Mickal Aranha
The planet may see scorching hot temperatures and dramatic increases in sea levels even if Paris Agreement carbon emission targets are met, according to a report published Monday.
World governments committed in 2015 to keeping temperature rises well below 2 C, which is believed to be a climate change tipping point. However, the latest study suggests that even if maintaining that limit was successful, the measures would be insufficient to prevent climate change disasters.
The Proceedings of the National Academy of Sciences (PNAS) study says human-induced global warming of 2 C may trigger what scientists call “Hothouse Earth” conditions.
The increase in temperature would stabilize a climate global average of 4 C to 5 C higher than pre-industrial temperatures and a sea level 10 to 60 metres higher than today.
Currently, global average temperatures are just about 1 C above pre-industrial temperatures and are rising at 0.17 C per decade, the report says.
Douglas Macdonald, senior lecturer at the University of Toronto’s School of the Environment, says this isn’t the first time scientists painted this kind of scenario.
“In some ways, it’s perhaps a little bleaker than ones that we have had talking about potential problems even if we manage to reduce greenhouse gas emissions, but scientists have been telling us that there’s a serious problem for at least 20 years now,” he said.
“Governments have started to take some steps but they aren’t taking anything like the steps that are required,” Macdonald said.
This report is significant at a time when record-setting temperatures have been experienced in Europe and forest fires are sweeping North America, he said.
“It may be that those kinds of physical events will act to bring about a change above and beyond what the science is saying but so far, it’s not clear that that’s what’s happening,” Macdonald said.
The study’s authors took into account 10 natural feedback processes with thresholds that when crossed lead to dramatic domino effects. One includes the weakening in the ability of land and oceans to absorb carbon.
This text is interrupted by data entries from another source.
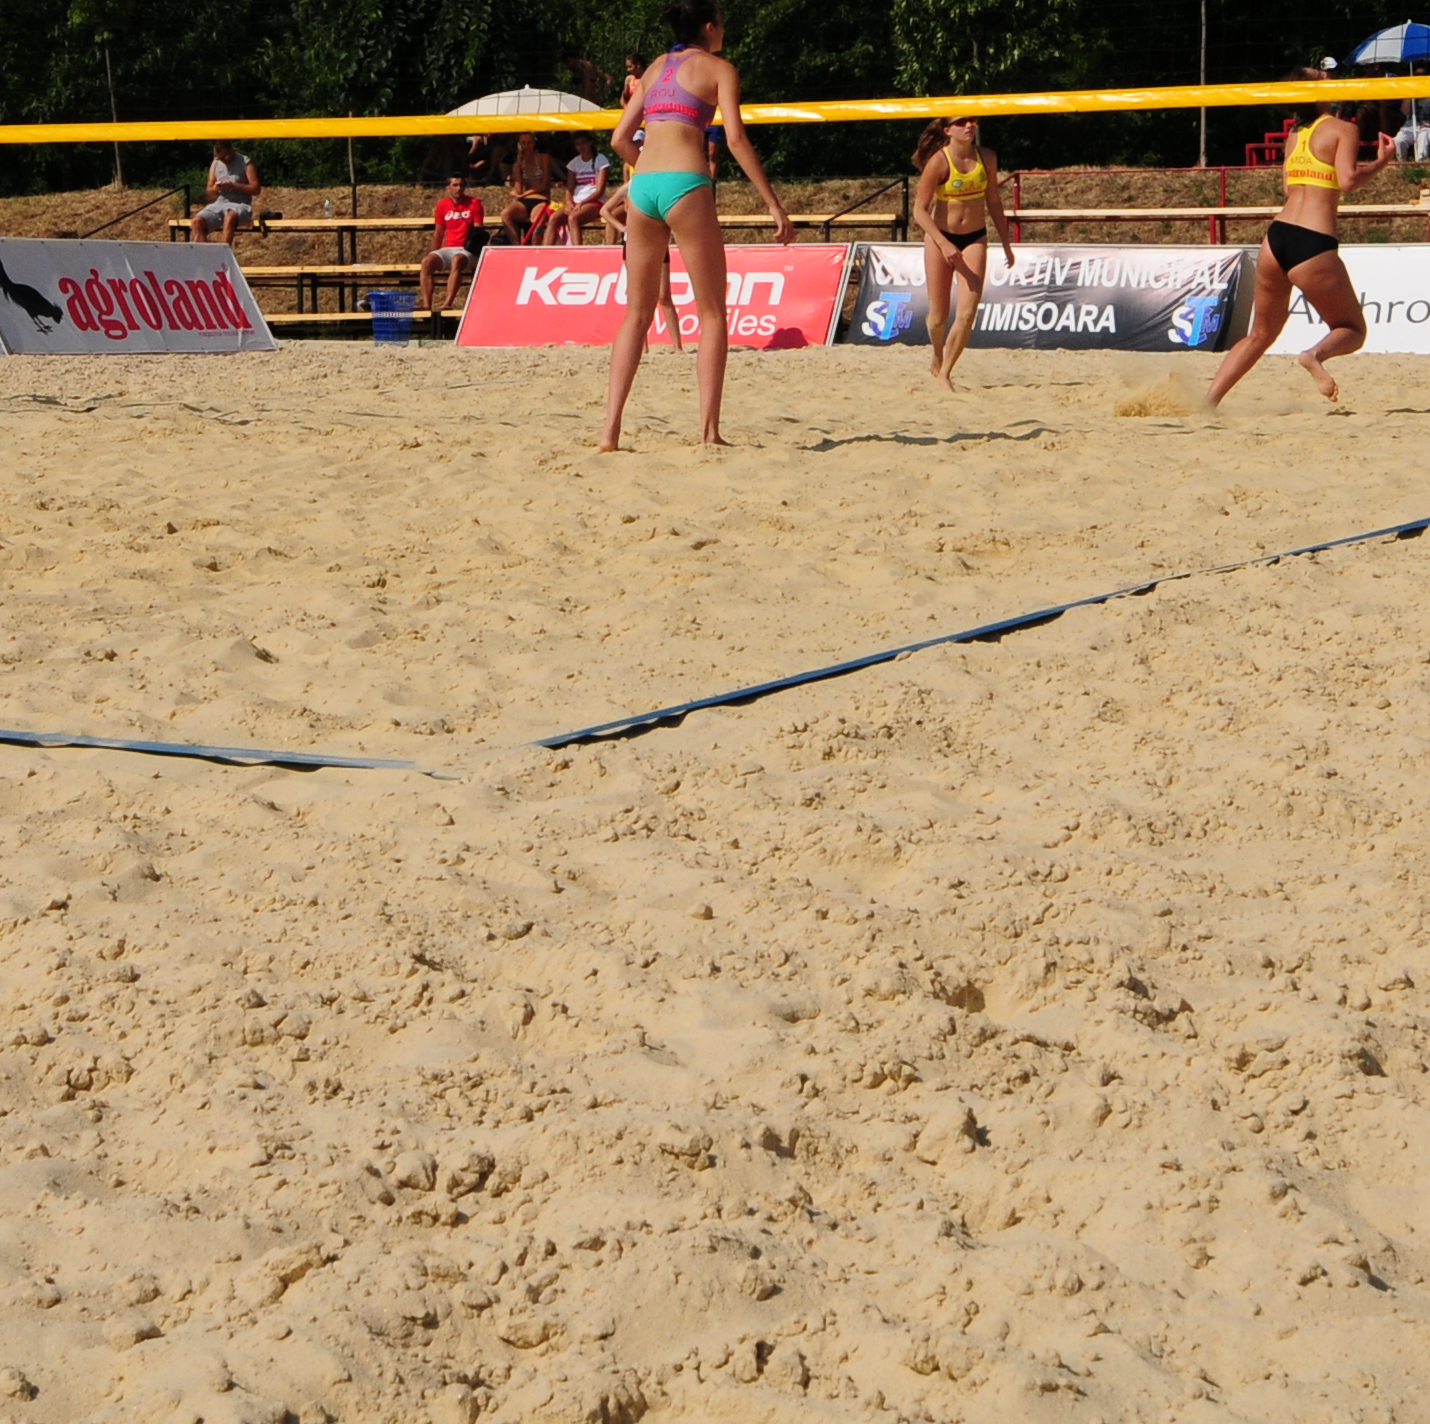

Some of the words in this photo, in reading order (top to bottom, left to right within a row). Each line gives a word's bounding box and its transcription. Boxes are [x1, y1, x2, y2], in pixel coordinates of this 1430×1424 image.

[662, 68, 674, 83] 2
[1301, 139, 1307, 152] 1
[876, 257, 925, 287] CLU
[1081, 258, 1228, 290] MUNICIPAL
[58, 268, 253, 340] agroland
[972, 302, 1116, 334] TIMISOARA
In the “Hothouse Earth” scenario, carbon “sinks,” and is absorbed by the Earth’s forests and oceans, which soak up about 4.5 billion tonnes of carbon annually. But once saturated, oceans and forests would become sources of carbon, making global warming significantly worse.
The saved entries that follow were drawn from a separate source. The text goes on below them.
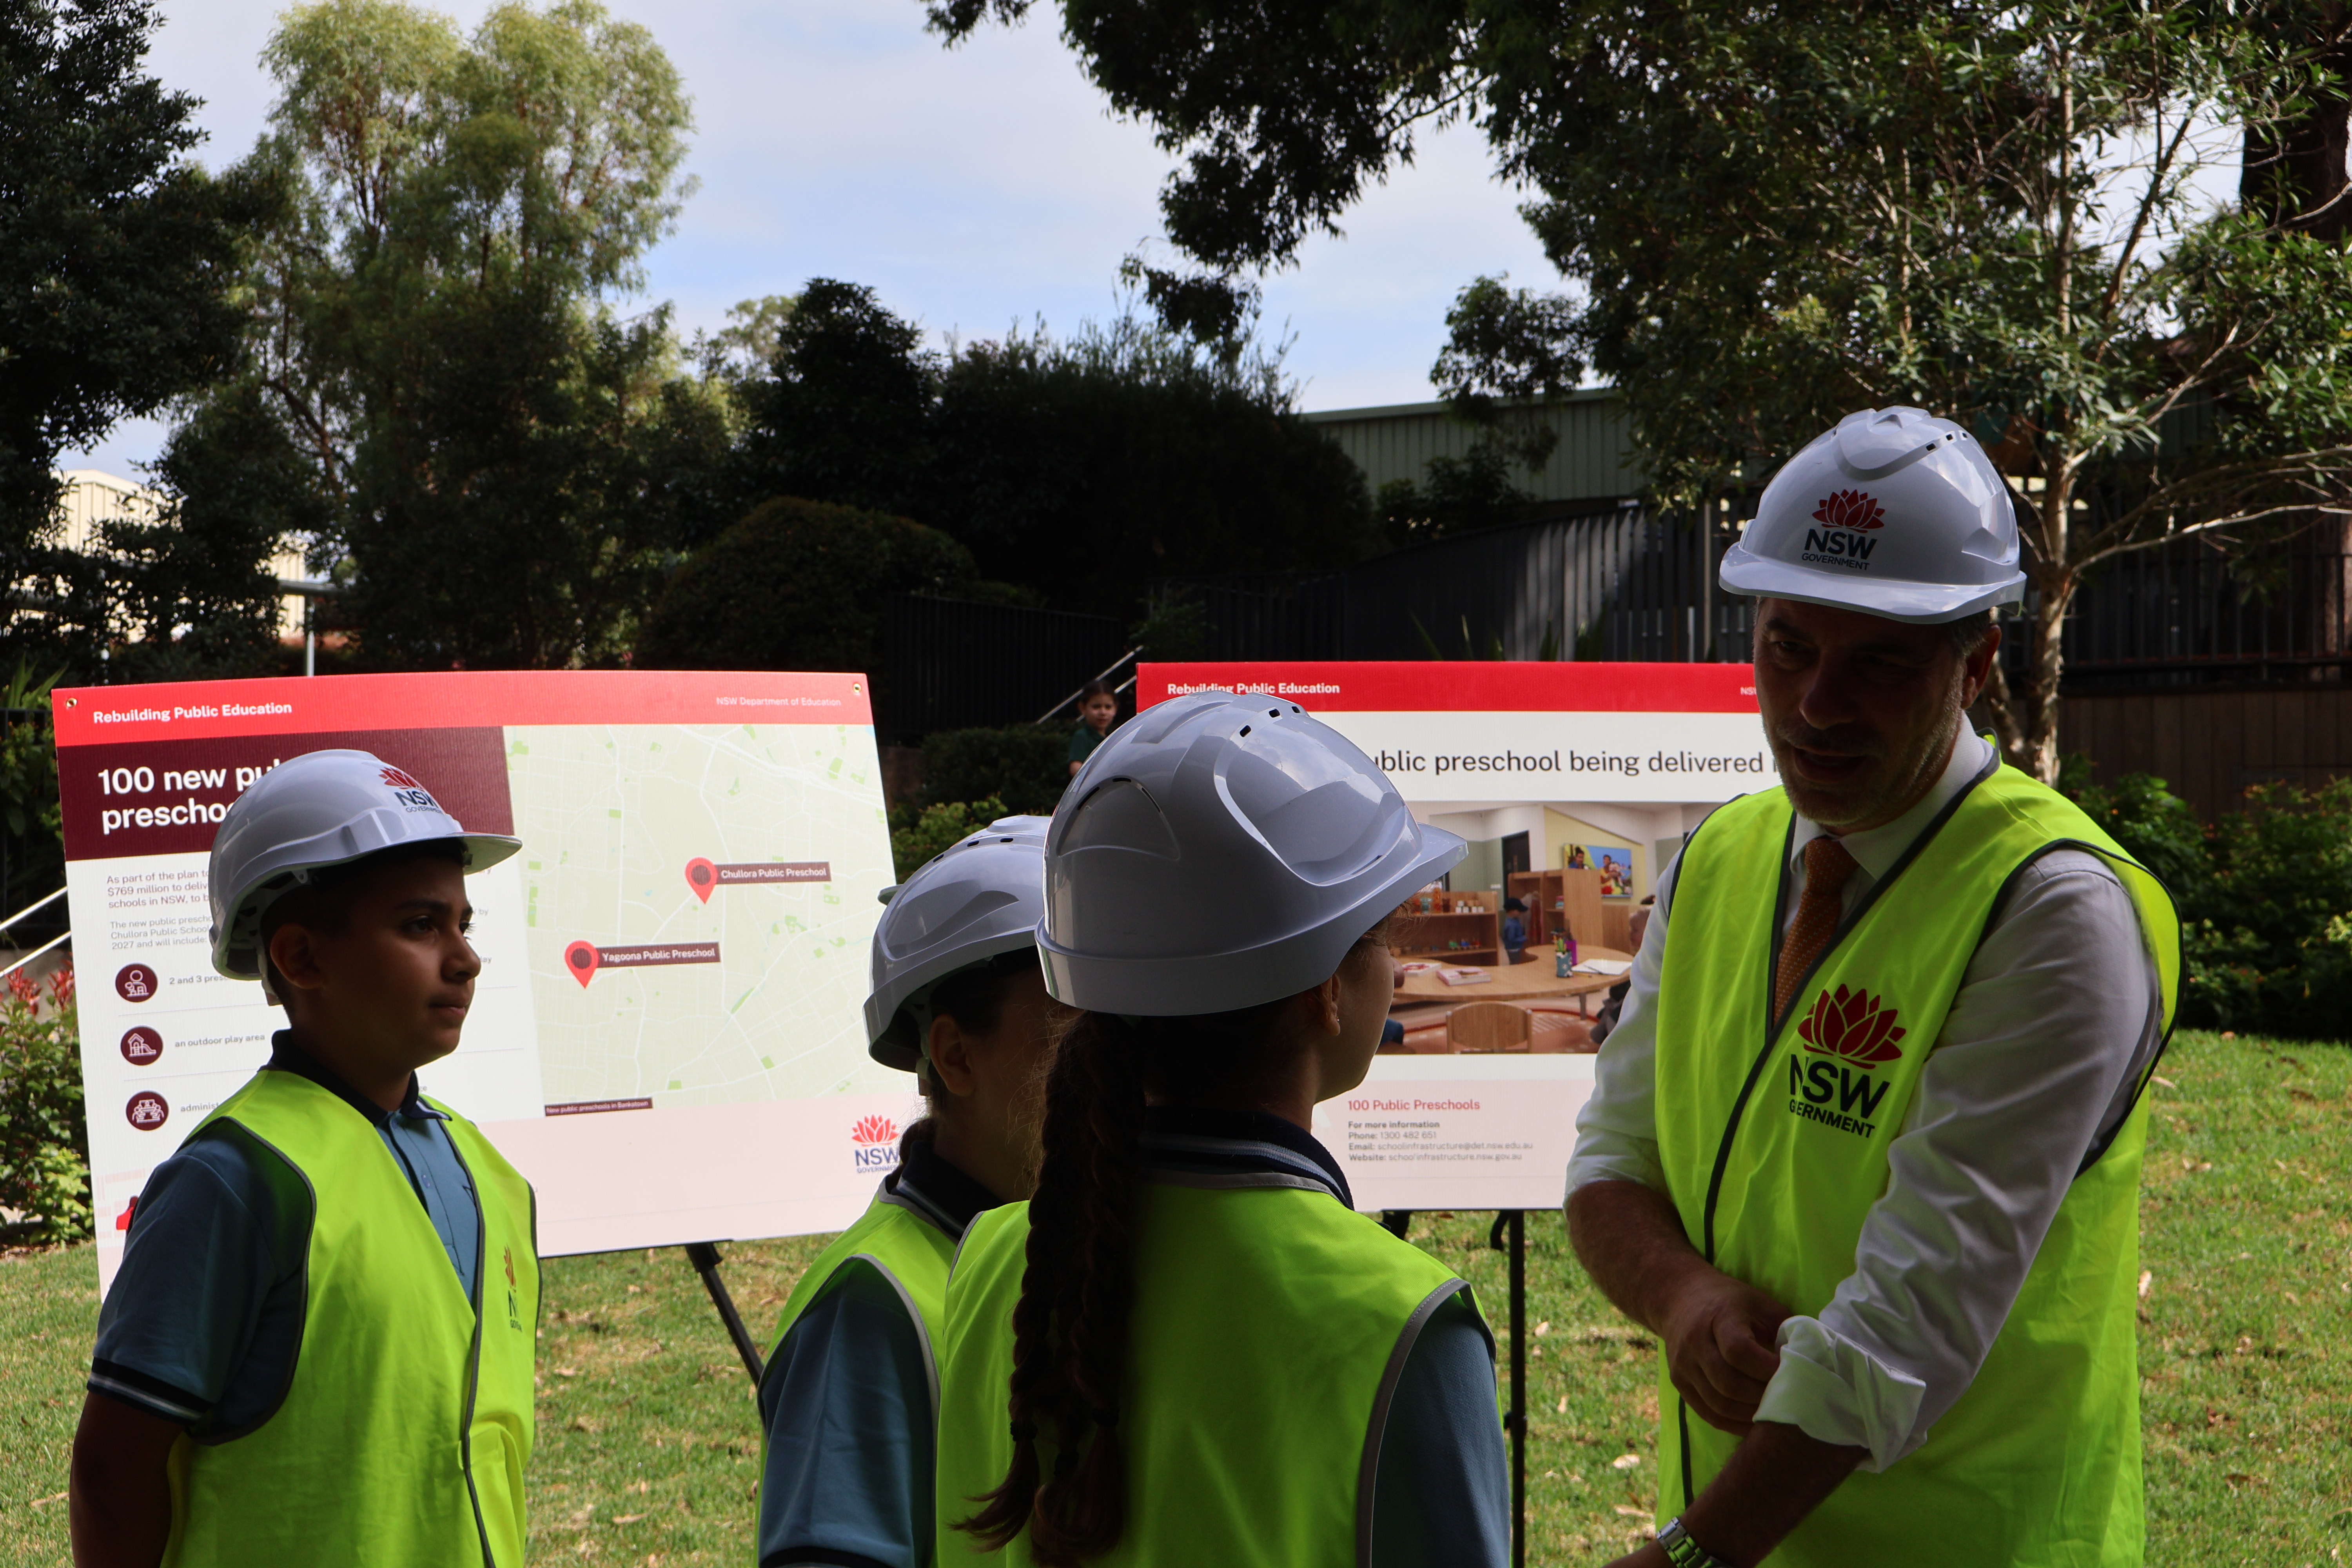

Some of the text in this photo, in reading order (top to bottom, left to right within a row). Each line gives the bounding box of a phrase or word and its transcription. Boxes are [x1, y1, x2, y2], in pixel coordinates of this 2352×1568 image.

[1804, 529, 1877, 560] NSW
[1802, 553, 1870, 570] GOVERNMENT
[1237, 682, 1275, 694] Public
[1278, 682, 1340, 693] Education
[716, 697, 841, 706] NSW Department of Education
[94, 702, 292, 724] Rebuilding Public Education
[1435, 750, 1561, 775] preschool
[1570, 750, 1640, 776] being
[1648, 750, 1763, 773] delivered
[98, 766, 155, 795] 100
[164, 768, 227, 791] new
[394, 791, 439, 808] NSW
[107, 875, 120, 884] As
[122, 874, 142, 884] part
[145, 872, 156, 881] of
[158, 871, 175, 880] the
[177, 870, 199, 880] plan
[721, 867, 827, 879] Chullora Public Preschool
[107, 881, 207, 897] $769 million to deliv
[109, 898, 147, 908] schools
[149, 897, 158, 906] in
[161, 894, 188, 905] NSW,
[191, 894, 200, 902] to
[110, 921, 126, 929] The
[149, 917, 176, 927] public
[178, 915, 212, 925] prescho
[111, 930, 148, 939] Chullora
[150, 928, 178, 936] Public
[112, 936, 207, 950] 2027 and will include:
[602, 948, 716, 963] Yagoona Public Preschool
[169, 976, 175, 985] 2
[178, 975, 194, 984] and
[188, 1037, 223, 1047] outdoor
[225, 1035, 243, 1044] play
[1789, 1054, 1890, 1119] NSW
[561, 1105, 578, 1114] public
[579, 1102, 610, 1112] preschools
[618, 1100, 649, 1109] Bankstown
[1348, 1098, 1481, 1111] 100 Public Preschools
[1389, 1120, 1440, 1129] information
[1789, 1099, 1875, 1138] GERNMENT
[1348, 1131, 1437, 1140] Phone: 1300 482 651
[1349, 1142, 1376, 1151] Email:
[855, 1146, 900, 1166] NSW
[1349, 1153, 1386, 1161] Website:
The other feedback processes observed were permafrost thaw, loss of methane hydrates from the ocean floor creating more carbon, the increasing bacterial absorption of oxygen in the oceans, the deforestation of the Amazon rainforest, the reduction of northern hemisphere snow cover, the loss of Arctic summer sea ice, and the reduction of Antarctic sea ice and ice sheets.
Once tipping points in these systems have been reached, changes occur fundamentally, quickly and probably irreversibly, the report says.
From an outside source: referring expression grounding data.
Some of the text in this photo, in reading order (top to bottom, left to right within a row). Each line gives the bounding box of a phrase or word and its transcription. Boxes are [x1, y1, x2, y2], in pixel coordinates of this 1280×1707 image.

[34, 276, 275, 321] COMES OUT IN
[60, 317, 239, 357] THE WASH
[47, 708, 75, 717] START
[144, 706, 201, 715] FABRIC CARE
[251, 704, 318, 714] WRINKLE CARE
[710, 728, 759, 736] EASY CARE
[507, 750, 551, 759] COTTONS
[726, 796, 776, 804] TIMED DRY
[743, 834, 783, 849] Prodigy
One of the most dramatic potential results is that parts of the Earth would become uninhabitable. Effects of this magnitude would not be felt for another century or more but once these processes start it will be unstoppable.
The report concludes attempts to prevent these outcomes need to go beyond the reduction of greenhouse gas emissions and create effective carbon stores through agricultural and soil management, biodiversity conservation and implementation of technologies that remove carbon dioxide from the atmosphere and store it underground.
A fundamental shift in attitudes and relationship with the earth is also critical, the report states.
Phillipe Crabbé, University of Ottawa Professor Emeritus of environmental economics, said such a solution is possible but requires human intervention.
“Human stewardship at the global scale has a poor record, fisheries are an example, and requires a culture and values change at the individual and collective level,” he said. “This is difficult to achieve, especially over a couple of decades.”